The global report that ranks countries’ adherence to the rule of law, puts Malawi in position five while Botswana is named the top performer in the Sub-Saharan African region.
This is a humiliating contrast to what some Civil Society Organisations in the country told UN meeting recently that Malawi’s rule of Law is being injured.
The WJP report, issued in Washington, counts 18 African countries among those it measures, and uses eight yardsticks to assess how the rule of law is experienced.
Zimbabwe headed by Robert Mugabe, is ranked the worst performer in Africa and the 3rd last in the whole world with Venezuela being the worst ranked in the whole world.
The Index measures how the rule of law is experienced in everyday life for 102 countries worldwide, with scores and rankings across eight categories.
These categories include; government powers, absence of corruption, open government, fundamental rights, order and security, regulatory enforcement, civil justice, and criminal justice.

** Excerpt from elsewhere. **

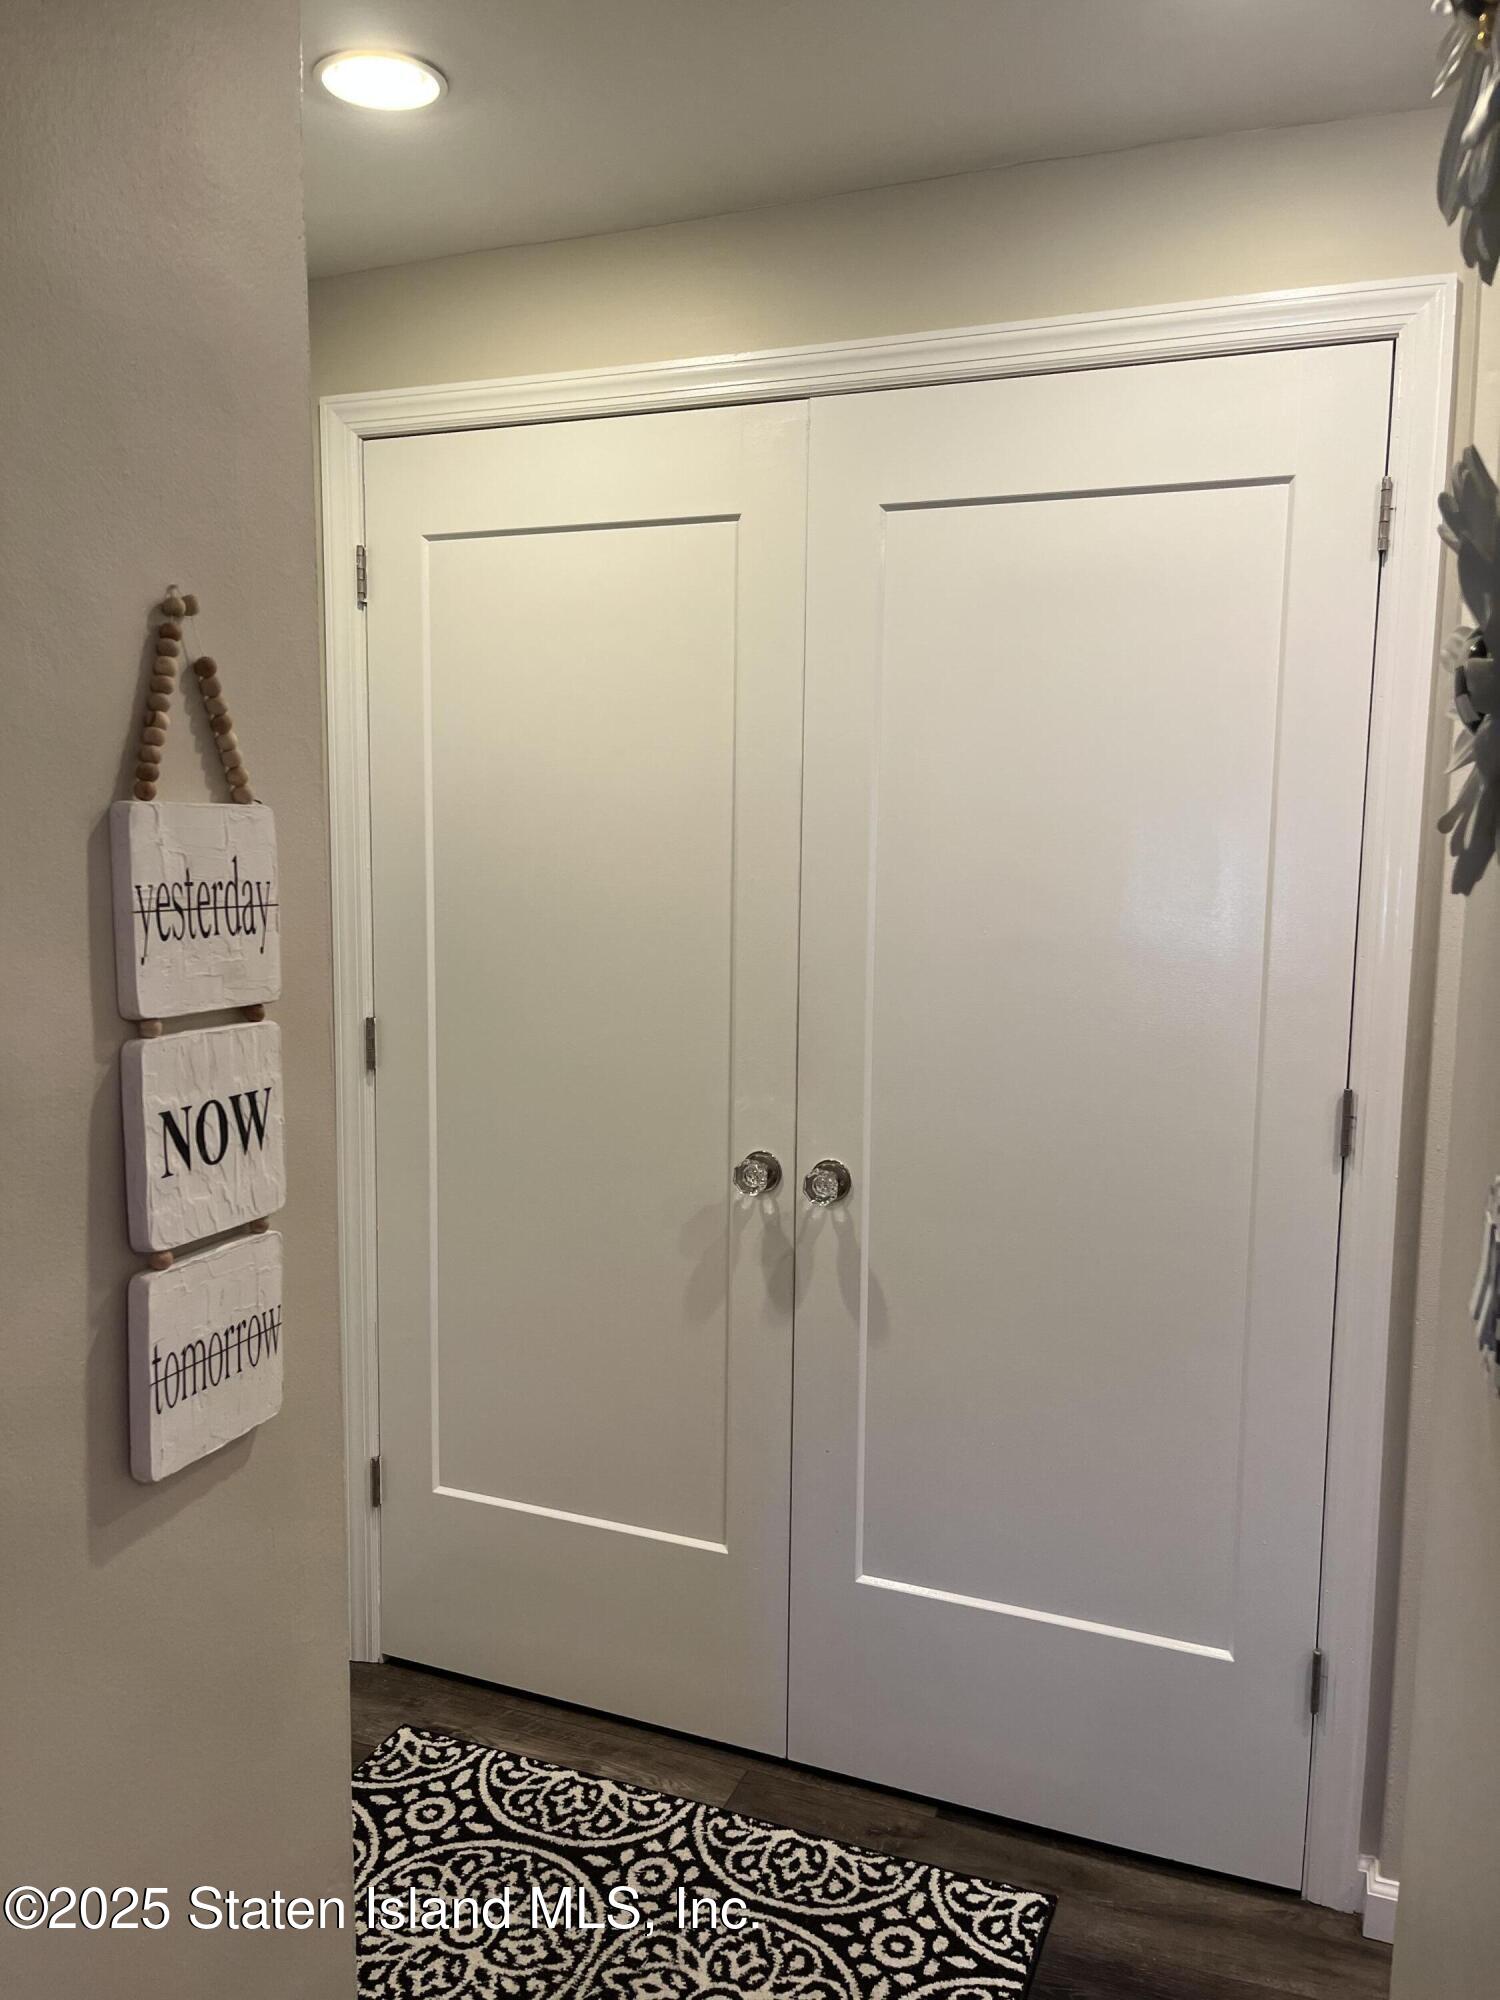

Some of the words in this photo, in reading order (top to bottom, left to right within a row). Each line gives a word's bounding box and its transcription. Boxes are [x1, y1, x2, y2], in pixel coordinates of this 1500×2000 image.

The Index relies on over 100,000 household and 2,400 expert surveys to measure how the rule of law is experienced in practical, everyday situations by ordinary people around the world. Performance is assessed using 47 indicators across eight categories, each of which is scored and ranked globally and against regional and income peers.
“Effective rule of law helps reduce corruption, alleviate poverty, improve public health and education, and protect people from injustices and dangers large and small,” said William H. Neukom, WJP Founder and CEO. “Wherever we come from, the rule of law can always be strengthened.”
The WJP Rule of Law Index is the most comprehensive index of its kind and the only to rely solely on primary data.
Countries measured in the Sub-Saharan Africa region are Botswana, Burkina Faso, Cameroon, Cote d’Ivoire, Ethiopia, Ghana, Kenya, Liberia, Madagascar, Malawi, Nigeria, Senegal and Sierra Leone.
Others are; South Africa, Tanzania, Uganda, Zambia and Zimbabwe.
Another notable feature of the WJP index is that several countries that foreign investors have been eyeing with high hopes nonetheless perform poorly in terms of the law. Kenya comes 12th, Ethiopia 14th and Nigeria 16th.